Collected data:
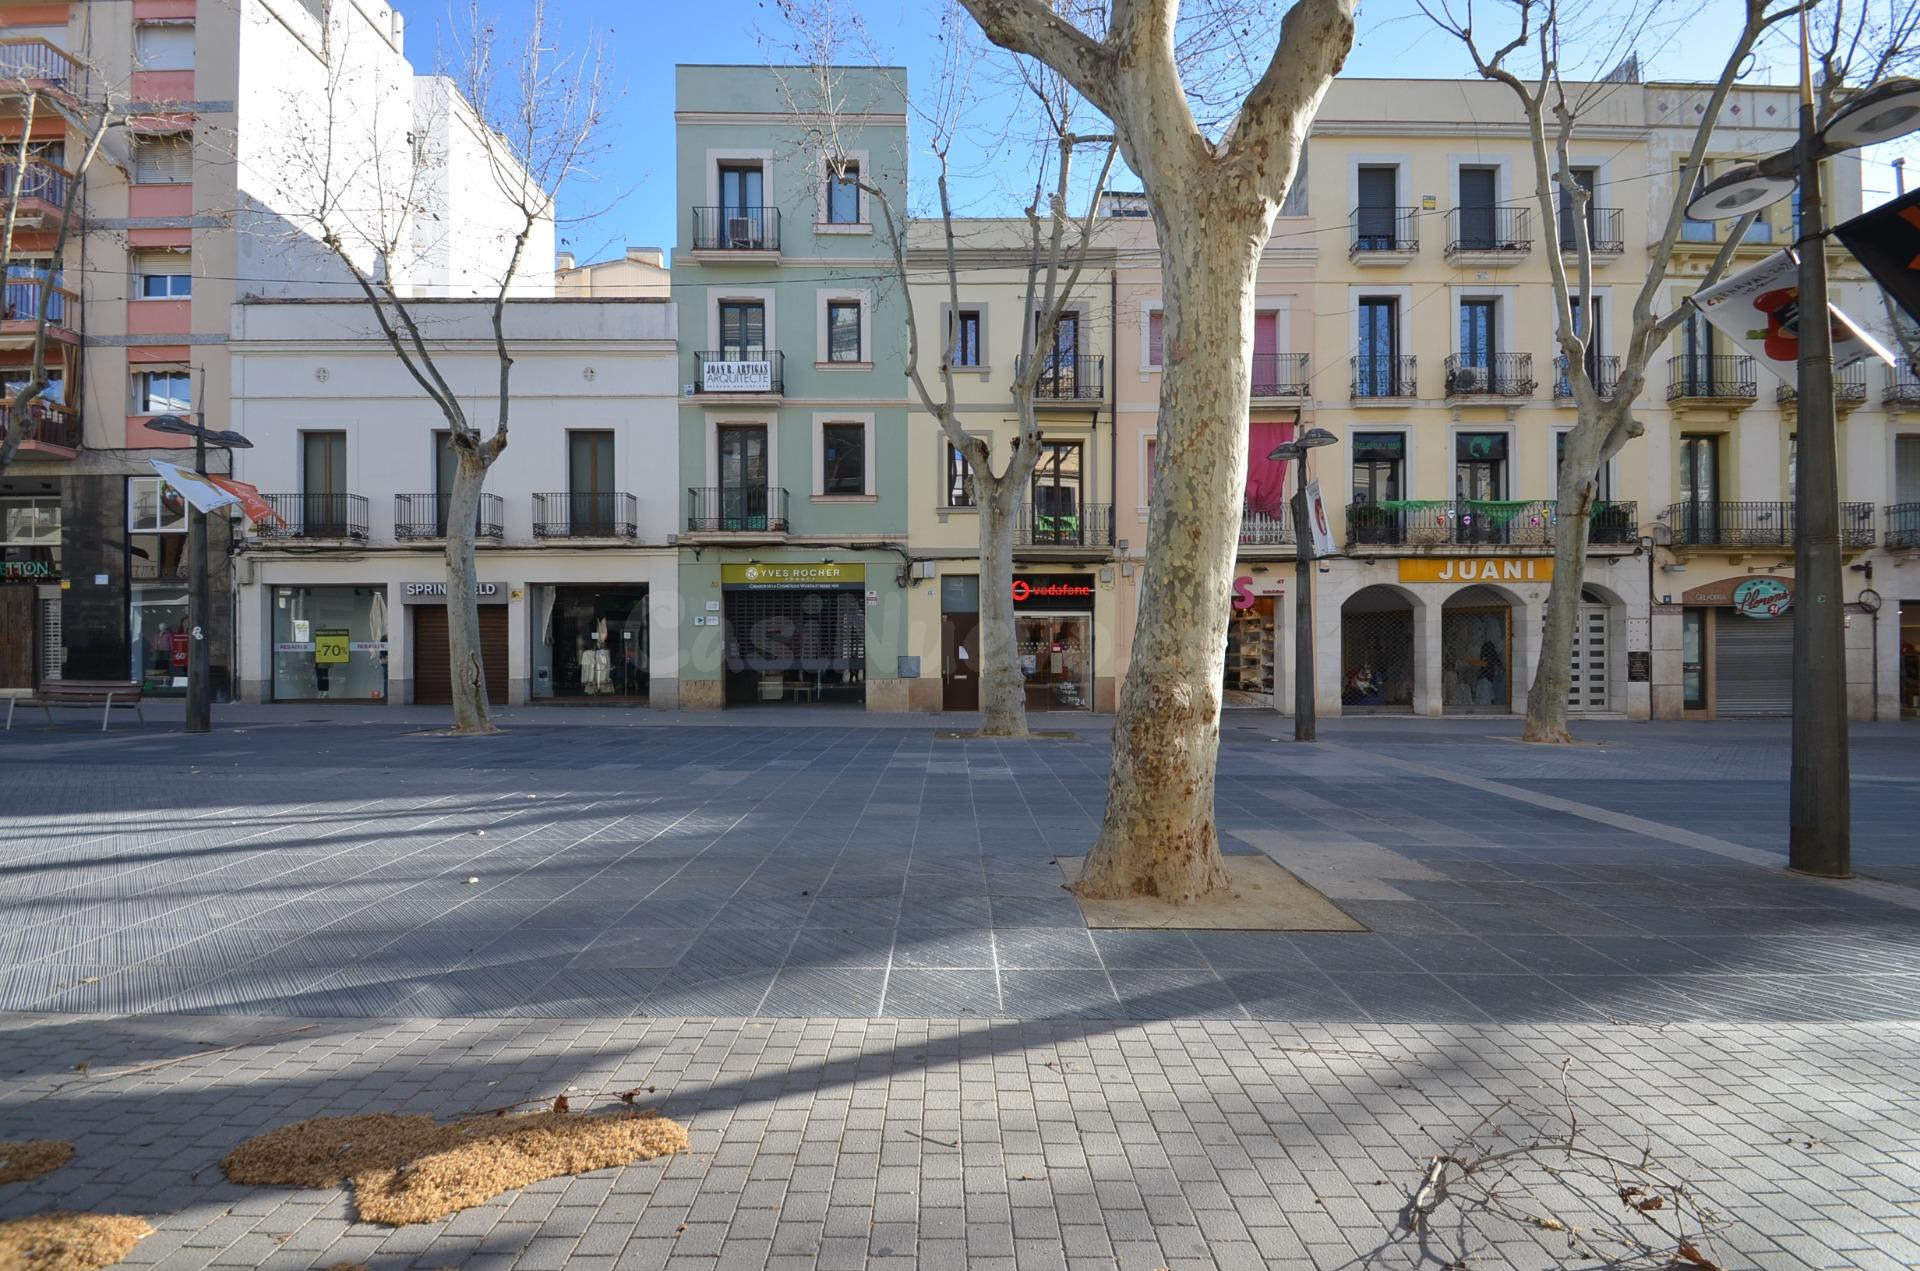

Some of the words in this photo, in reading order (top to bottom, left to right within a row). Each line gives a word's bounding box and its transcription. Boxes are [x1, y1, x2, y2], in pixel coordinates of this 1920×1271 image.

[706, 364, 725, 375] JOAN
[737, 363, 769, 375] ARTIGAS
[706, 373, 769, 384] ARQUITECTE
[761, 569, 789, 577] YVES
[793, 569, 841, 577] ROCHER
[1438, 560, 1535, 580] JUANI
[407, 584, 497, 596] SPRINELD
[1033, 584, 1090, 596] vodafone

Problem to work on:
Copy out every entry above verbatim. Leave each picture out.

Answer box:
Some of the words in this photo, in reading order (top to bottom, left to right within a row). Each line gives a word's bounding box and its transcription. Boxes are [x1, y1, x2, y2], in pixel coordinates of this 1920×1271 image.

[706, 364, 725, 375] JOAN
[737, 363, 769, 375] ARTIGAS
[706, 373, 769, 384] ARQUITECTE
[761, 569, 789, 577] YVES
[793, 569, 841, 577] ROCHER
[1438, 560, 1535, 580] JUANI
[407, 584, 497, 596] SPRINELD
[1033, 584, 1090, 596] vodafone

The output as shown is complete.